HISTOIRE- BIBLIOTHEQUE D’ALMANACH- ROMAN SAAD KHIARI- « LE
FILS DU CAÏD »
LE FILS DU CAÏD. Roman de Saad Khiari. Hibr Editions, Alger 2019, 293 pages, 950 dinars
Cela commence fort ....au Club des pins, pardi...et , déjà, on voit venir
l’auteur avec une histoire très
liée au Système ainsi qu’à l’histoire du pays . A travers une histoire toute simple et quelque peu
incroyable (chez nous, tout est possible !) .....plusieurs décennies après
l‘indépendance du pays.
Voilà donc un richissime gros, très gros « affairiste », devenu un véritable
pilier du Système en place ....Pourtant fils d’un Caïd du temps de la colonisation, pourri jusqu’aux os (et , d’ailleurs,
éliminé par un fidaï durant la guerre de libération
nationale ) qui se met à « traquer » un ancien moudjahid –émigré en
France- suspecté (non,
« accusé » !) d’être le meurtrier (décidément le monde à
l’envers) du père. Il a même passé un « contrat » pour le descendre.

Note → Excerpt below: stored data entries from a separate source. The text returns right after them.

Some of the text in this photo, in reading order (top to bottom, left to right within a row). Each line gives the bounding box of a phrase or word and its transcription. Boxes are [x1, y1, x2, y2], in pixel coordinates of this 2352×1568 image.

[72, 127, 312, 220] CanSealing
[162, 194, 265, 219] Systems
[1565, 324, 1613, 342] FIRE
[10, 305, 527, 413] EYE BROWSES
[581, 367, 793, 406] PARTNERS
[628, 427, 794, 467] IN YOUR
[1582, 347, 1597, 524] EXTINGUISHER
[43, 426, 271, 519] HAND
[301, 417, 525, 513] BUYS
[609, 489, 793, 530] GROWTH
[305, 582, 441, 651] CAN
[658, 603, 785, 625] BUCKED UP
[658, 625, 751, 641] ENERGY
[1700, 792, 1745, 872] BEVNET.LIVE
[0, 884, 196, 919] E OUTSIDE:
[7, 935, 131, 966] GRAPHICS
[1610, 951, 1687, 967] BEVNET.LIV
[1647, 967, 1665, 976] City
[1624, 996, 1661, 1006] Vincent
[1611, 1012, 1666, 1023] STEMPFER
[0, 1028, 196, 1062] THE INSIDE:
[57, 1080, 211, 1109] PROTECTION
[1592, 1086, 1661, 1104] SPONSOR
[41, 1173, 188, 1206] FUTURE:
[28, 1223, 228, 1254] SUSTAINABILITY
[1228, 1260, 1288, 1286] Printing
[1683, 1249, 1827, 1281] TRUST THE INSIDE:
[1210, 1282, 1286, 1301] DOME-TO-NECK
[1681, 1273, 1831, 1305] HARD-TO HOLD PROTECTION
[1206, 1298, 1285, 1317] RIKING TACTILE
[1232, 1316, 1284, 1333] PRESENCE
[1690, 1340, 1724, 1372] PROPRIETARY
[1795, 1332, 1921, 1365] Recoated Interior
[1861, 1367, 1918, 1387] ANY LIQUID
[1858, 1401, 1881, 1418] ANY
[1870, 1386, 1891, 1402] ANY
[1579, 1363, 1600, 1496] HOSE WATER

Aussi incroyable que cela puisse paraître,
les « services » sont au courant mais ils ont les mains assez liées
face au puissant oligarque. Ils se contentent de mettre au courant la future
victime et de régler le problème en douce, sans trop de vagues. Le « Big Boss » lui-même a pris les choses en mains. C’est
dire !
Nous assistons donc à toute une suite de
rencontres et de « négociations » (au niveau le plus haut du pouvoir
« réel ») pour prouver
l’innocence de l’ami et frère émigré ou, au minimum, pour dissuader le nouveau
« justicier » de renoncer à
son projet criminel.
C’est, aussi et surtout , l’occasion , pour
l’auteur, de décrire la nouvelle petite société des nouveaux oligarques, celle
qui est devenue , peu à peu, plus puissante que le « pouvoir politique en
place », grâce à son immense fortune née des « affaires » et des
« amitiés » ou complicités, politiques et autres.

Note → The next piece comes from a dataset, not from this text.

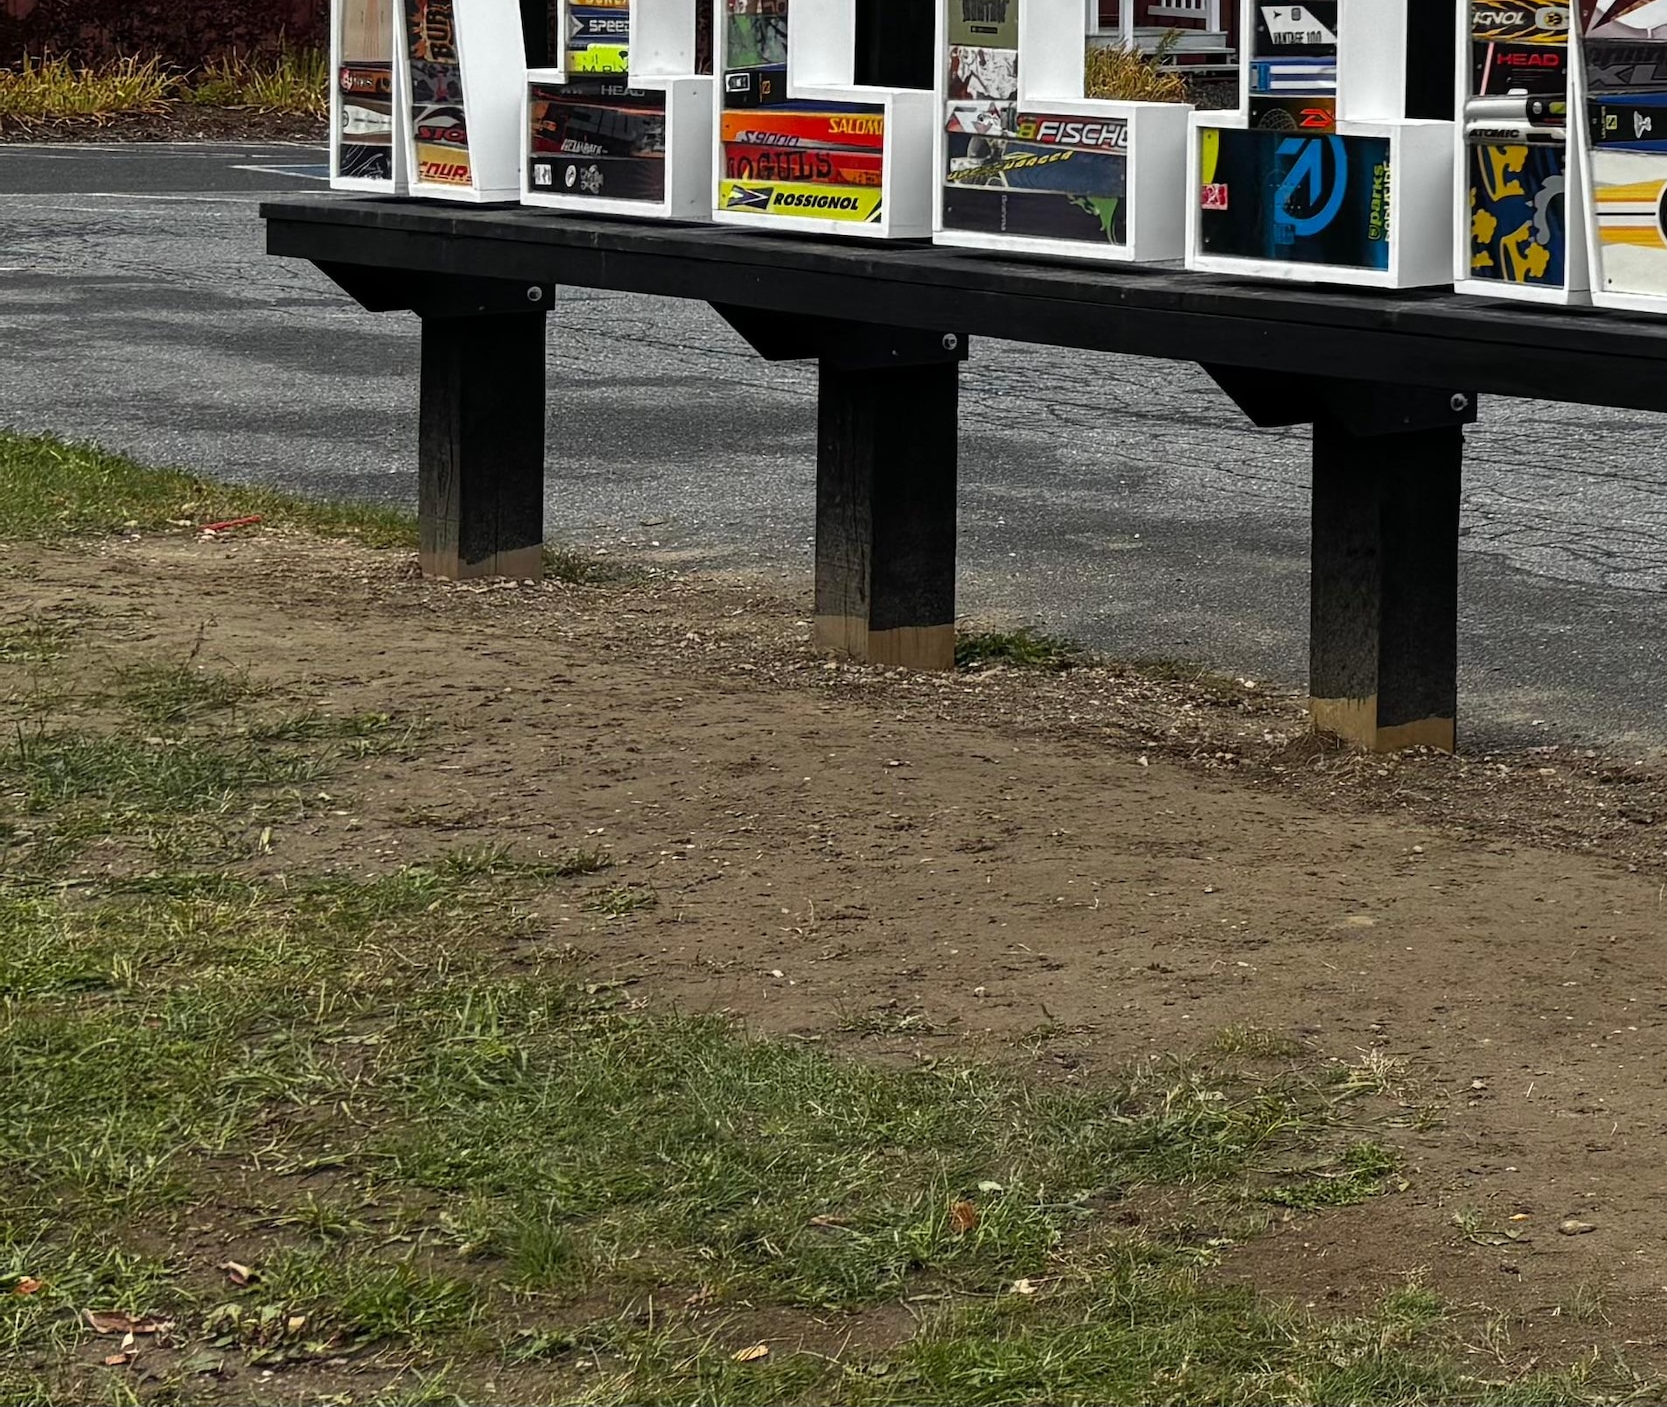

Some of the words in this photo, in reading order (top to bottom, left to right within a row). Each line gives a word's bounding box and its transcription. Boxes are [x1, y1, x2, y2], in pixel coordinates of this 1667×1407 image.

[1497, 53, 1560, 67] HEAD
[828, 116, 883, 134] SALOM
[772, 192, 859, 211] ROSSIGNOL

L’occasion, aussi, de montrer les ravages
causés par le « détournement du
fleuve révolutionnaire », celui sincère ayant pris sa source en novembre
54.
L’occasion, enfin, de décrire une société
perdue, mais pas abattue....capable, un jour, de se révolter contre un système
trop pourri pour durer : « Les héros de la libération du pays, alliés
à une baronnie très puissante qui tient le pays sous une coupe réglée avec la
bénédiction des forces étrangères. Tel est, ce moment, le sentiment général qui a eu raison de la
patience et de l’espoir d’un peuple pourtant jeune »

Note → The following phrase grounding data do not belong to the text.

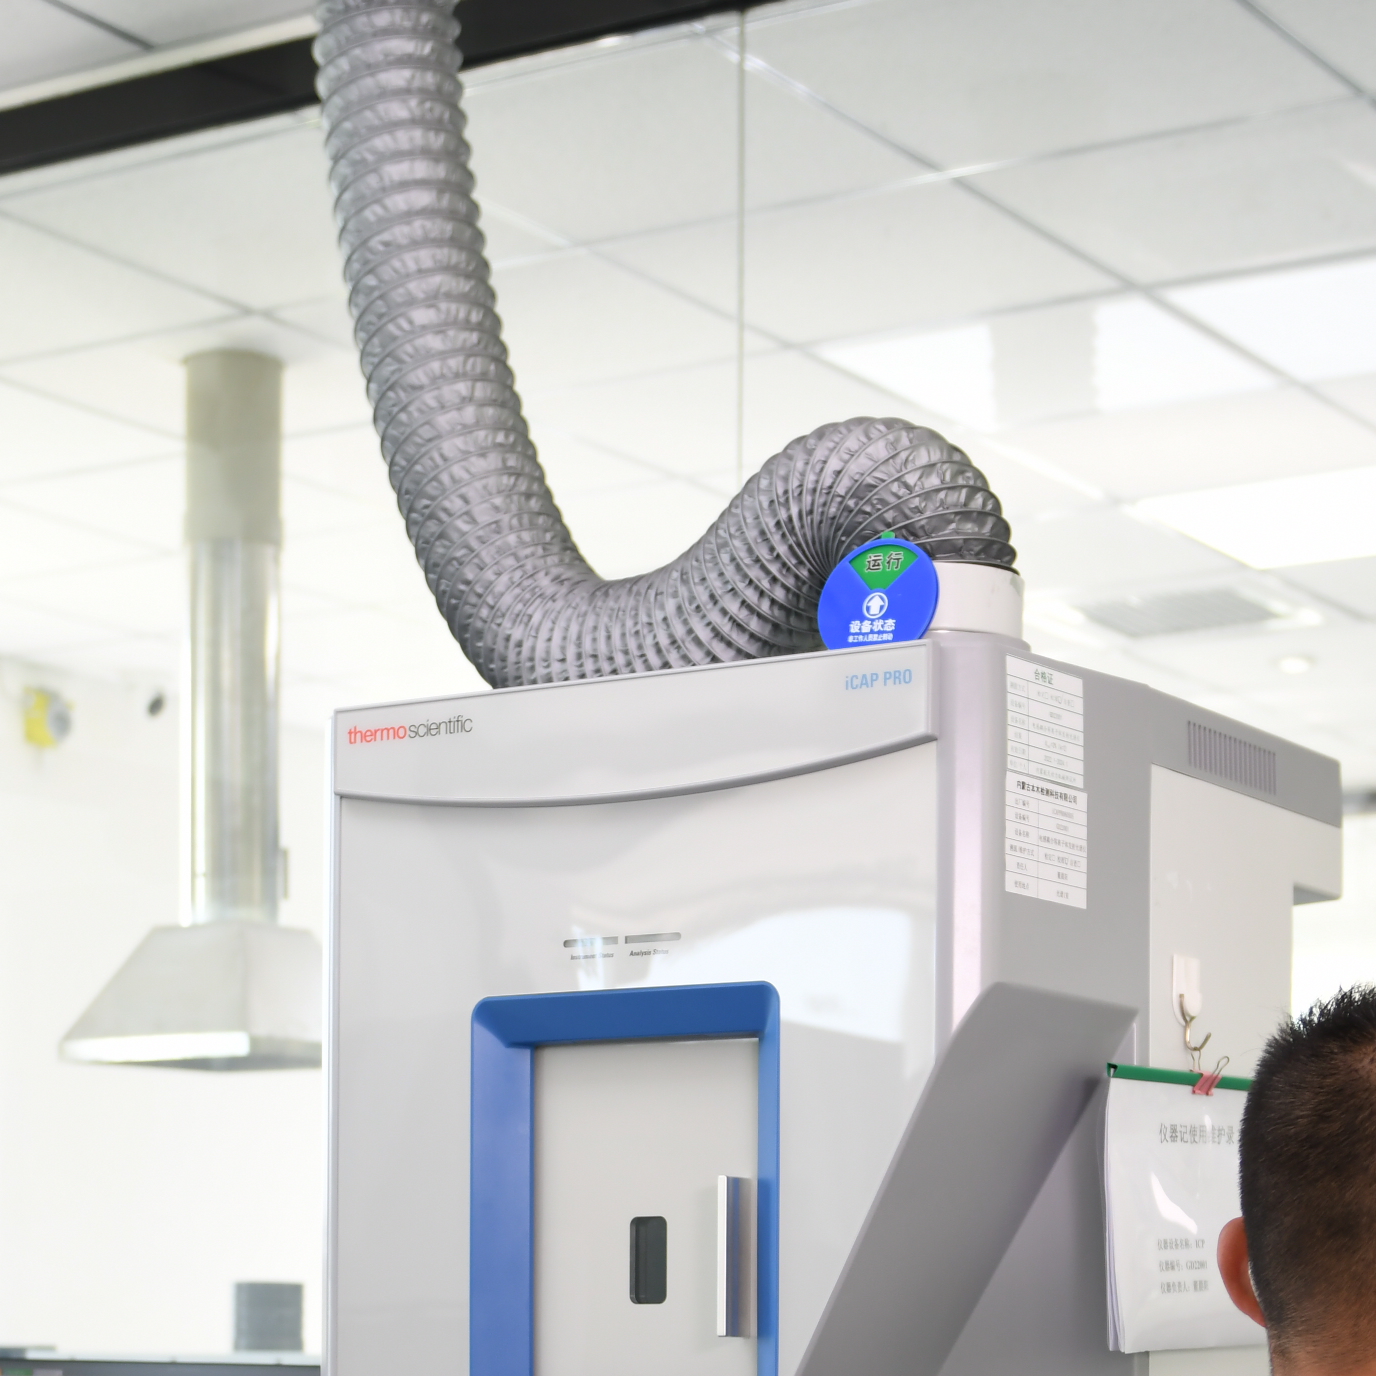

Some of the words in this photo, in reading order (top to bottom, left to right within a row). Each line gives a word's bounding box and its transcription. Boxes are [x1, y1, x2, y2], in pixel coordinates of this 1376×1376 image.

[865, 551, 904, 572] 运行
[849, 619, 896, 633] 设备状态
[844, 672, 879, 691] iCAP
[883, 668, 912, 687] PRO
[1034, 668, 1054, 685] 合格证
[629, 948, 651, 957] Analysis

Cela a commencé au Club des pins, « lieu
de séjour, de refuge et de villégiature de la Nomenklatura, placé sous haute protection et figurant la plus belle
trahison des promesses de la Révolution de Novembre » .....Le tsunami
viendra-t-il de là-bas ?
L’Auteur :Cinéaste
diplômé, de l’Idhec (Paris), longtemps journaliste et
plusieurs ouvrages dont « Le soleil n’était pas obligé » (Hibr Editions. Prix Escale littéraire Sofitel
, section coup de cœur Alger
2018)
Extraits :
« La capitale est fatiguée et n’en peut plus de vieillir à un rythme
accéléré. Quand on l’a quittée depuis de nombreuses années, on a l’étrange
sensation que des forces mystérieuses veulent l’enfoncer dans la mer et qu’elle
s’accroche désespérément à ce qu’il lui reste de souvenirs pour résister et
survivre » (p 18) »Un Algérien qui ne fume pas, qui ne chique pas,
qui n’a pas pris de café, qui n’a pas assez dormi, qui s’est levé tôt et qui ne
sait pas où il va parce qu’on ne lui a rien dit, c’est quelqu’un à éviter de
préférence. Et si de surcroît , il a déserté le lycée,
quitté ses parents, raté un caïd, reçu des ordres d’une femme, dîné de beignets
froids et de pastèque tiède, c’est quelqu’un à éviter à tout prix » (p 41)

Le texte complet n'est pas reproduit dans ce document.